Give back the whole listing exactly as written, pictures excluded.

**Supplied data:**
# # #

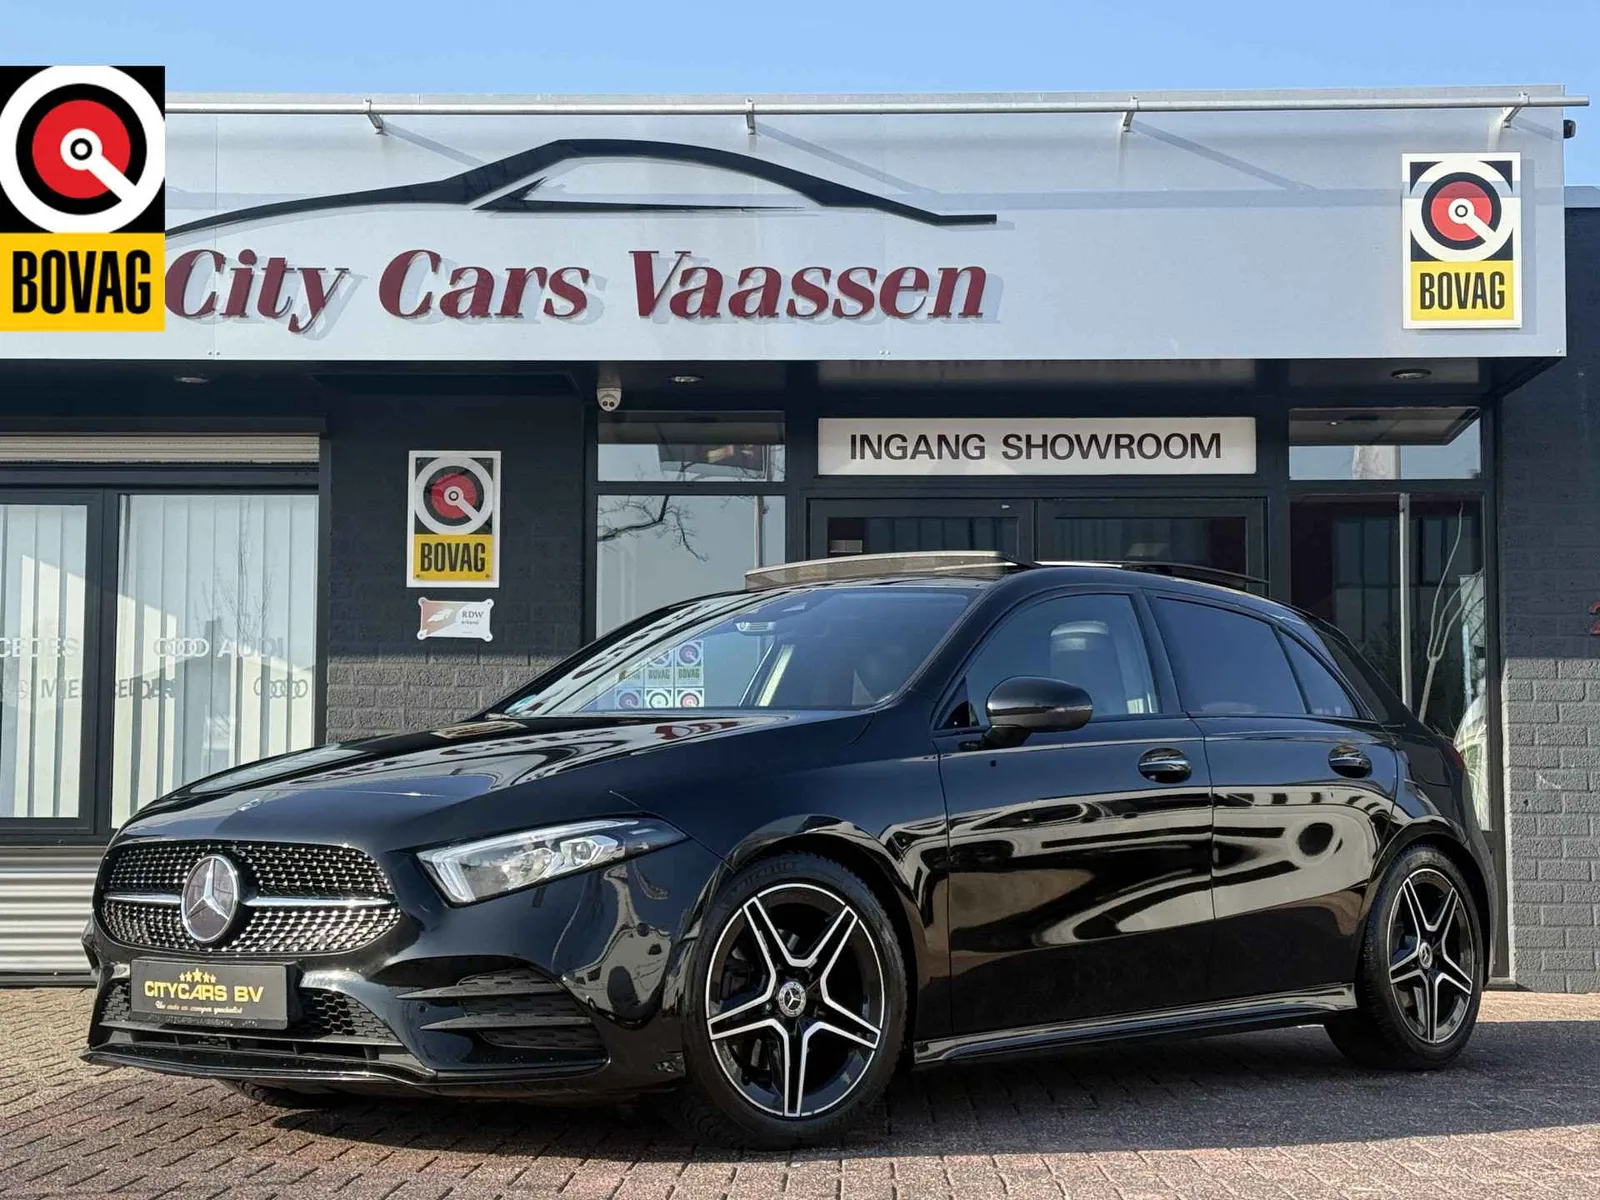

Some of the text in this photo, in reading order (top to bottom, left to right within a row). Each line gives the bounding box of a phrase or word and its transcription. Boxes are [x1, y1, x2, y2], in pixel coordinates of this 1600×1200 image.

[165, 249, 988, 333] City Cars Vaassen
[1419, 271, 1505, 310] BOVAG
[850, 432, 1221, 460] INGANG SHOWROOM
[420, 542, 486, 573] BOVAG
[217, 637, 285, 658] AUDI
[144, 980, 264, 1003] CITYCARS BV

# # #

**Written response:**
Some of the text in this photo, in reading order (top to bottom, left to right within a row). Each line gives the bounding box of a phrase or word and its transcription. Boxes are [x1, y1, x2, y2], in pixel coordinates of this 1600×1200 image.

[165, 249, 988, 333] City Cars Vaassen
[1419, 271, 1505, 310] BOVAG
[850, 432, 1221, 460] INGANG SHOWROOM
[420, 542, 486, 573] BOVAG
[217, 637, 285, 658] AUDI
[144, 980, 264, 1003] CITYCARS BV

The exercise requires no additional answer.